Thickness-Dependent Enhancement of Electronic Mobility of MoS2 Transistors via Surface Functionalization

The thickness dependence of the chemical and physical properties is one fundamental characteristic shared by many two-dimensional layered transition-metal dichalcogenides, including molybdenum disulfide (MoS2). Recently, in order to expand the scope of applications of MoS2, surface functionalization has been employed to engineer its chemical and electrical properties for the purposes of drug delivery, photothermal therapy, gas sensing, and biosensing. Here, we report a facile method for controlled functionalization of MoS2 field-effect transistors of a wide range of thicknesses with alpha-lipoic acid (LA).
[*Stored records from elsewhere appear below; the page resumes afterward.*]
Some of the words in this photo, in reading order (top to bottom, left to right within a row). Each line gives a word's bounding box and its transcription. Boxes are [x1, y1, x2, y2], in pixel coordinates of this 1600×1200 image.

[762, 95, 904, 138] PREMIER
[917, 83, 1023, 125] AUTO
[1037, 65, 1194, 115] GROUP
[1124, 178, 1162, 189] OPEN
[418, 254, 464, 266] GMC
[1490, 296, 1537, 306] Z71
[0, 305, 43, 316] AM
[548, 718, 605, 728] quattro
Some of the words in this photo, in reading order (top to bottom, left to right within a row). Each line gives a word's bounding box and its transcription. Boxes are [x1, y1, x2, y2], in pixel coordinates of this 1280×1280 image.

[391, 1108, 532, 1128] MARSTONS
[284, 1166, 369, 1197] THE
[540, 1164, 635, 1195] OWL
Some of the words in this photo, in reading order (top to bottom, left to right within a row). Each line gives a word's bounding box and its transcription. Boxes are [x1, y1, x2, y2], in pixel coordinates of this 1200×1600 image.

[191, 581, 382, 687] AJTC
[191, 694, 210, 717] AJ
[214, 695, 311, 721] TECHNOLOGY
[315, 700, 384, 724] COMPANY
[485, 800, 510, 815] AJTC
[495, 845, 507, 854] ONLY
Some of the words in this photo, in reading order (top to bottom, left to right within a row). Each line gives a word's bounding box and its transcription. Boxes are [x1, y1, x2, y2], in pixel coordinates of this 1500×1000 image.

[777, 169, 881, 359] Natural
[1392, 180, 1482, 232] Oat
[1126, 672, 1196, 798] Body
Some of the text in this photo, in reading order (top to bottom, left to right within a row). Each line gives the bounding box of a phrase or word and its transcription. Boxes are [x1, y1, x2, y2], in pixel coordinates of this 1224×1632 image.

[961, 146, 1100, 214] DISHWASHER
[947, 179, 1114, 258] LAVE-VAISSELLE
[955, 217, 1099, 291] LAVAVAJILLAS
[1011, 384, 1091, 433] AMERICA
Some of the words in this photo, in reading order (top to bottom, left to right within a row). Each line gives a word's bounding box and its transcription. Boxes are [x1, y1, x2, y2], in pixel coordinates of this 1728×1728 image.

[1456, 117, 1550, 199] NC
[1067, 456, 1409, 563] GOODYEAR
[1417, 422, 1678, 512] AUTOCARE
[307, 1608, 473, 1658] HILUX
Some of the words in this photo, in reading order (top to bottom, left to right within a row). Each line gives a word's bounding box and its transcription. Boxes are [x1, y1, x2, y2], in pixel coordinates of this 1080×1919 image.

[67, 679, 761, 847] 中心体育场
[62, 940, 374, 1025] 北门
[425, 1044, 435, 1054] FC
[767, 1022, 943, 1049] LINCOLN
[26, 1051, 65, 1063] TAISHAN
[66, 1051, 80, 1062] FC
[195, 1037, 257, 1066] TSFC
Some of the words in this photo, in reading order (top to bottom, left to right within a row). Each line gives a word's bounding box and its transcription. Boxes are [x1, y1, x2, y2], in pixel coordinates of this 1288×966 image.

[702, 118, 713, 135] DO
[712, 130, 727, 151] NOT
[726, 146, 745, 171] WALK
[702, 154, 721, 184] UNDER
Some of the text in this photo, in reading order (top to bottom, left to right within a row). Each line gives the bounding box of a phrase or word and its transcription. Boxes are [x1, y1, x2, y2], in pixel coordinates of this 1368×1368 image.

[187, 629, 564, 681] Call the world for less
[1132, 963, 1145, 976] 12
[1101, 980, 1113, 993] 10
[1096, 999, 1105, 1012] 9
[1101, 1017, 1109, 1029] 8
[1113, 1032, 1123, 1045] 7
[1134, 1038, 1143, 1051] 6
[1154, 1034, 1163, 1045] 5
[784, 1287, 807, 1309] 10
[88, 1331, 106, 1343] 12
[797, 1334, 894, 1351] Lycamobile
Atomic force microscopy (AFM), Fourier-transform infrared spectroscopy (FTIR), and X-ray photoelectron spectroscopy (XPS) show evidence of chemical bonding. After functionalization, a significant increase of on current is observed in the MoS2 transistors, caused by the enhancement of electronic mobility. The maximum increase of mobility can reach similar to 100% for monolayer devices. The thickness dependence of the mobility enhancement is analyzed, and a theoretical model based on vacancy filling and charge impurity scattering is proposed to reveal the microscopic origin. These results provide new opportunities of controlling the electronic properties of MoS2 by surface functionalization.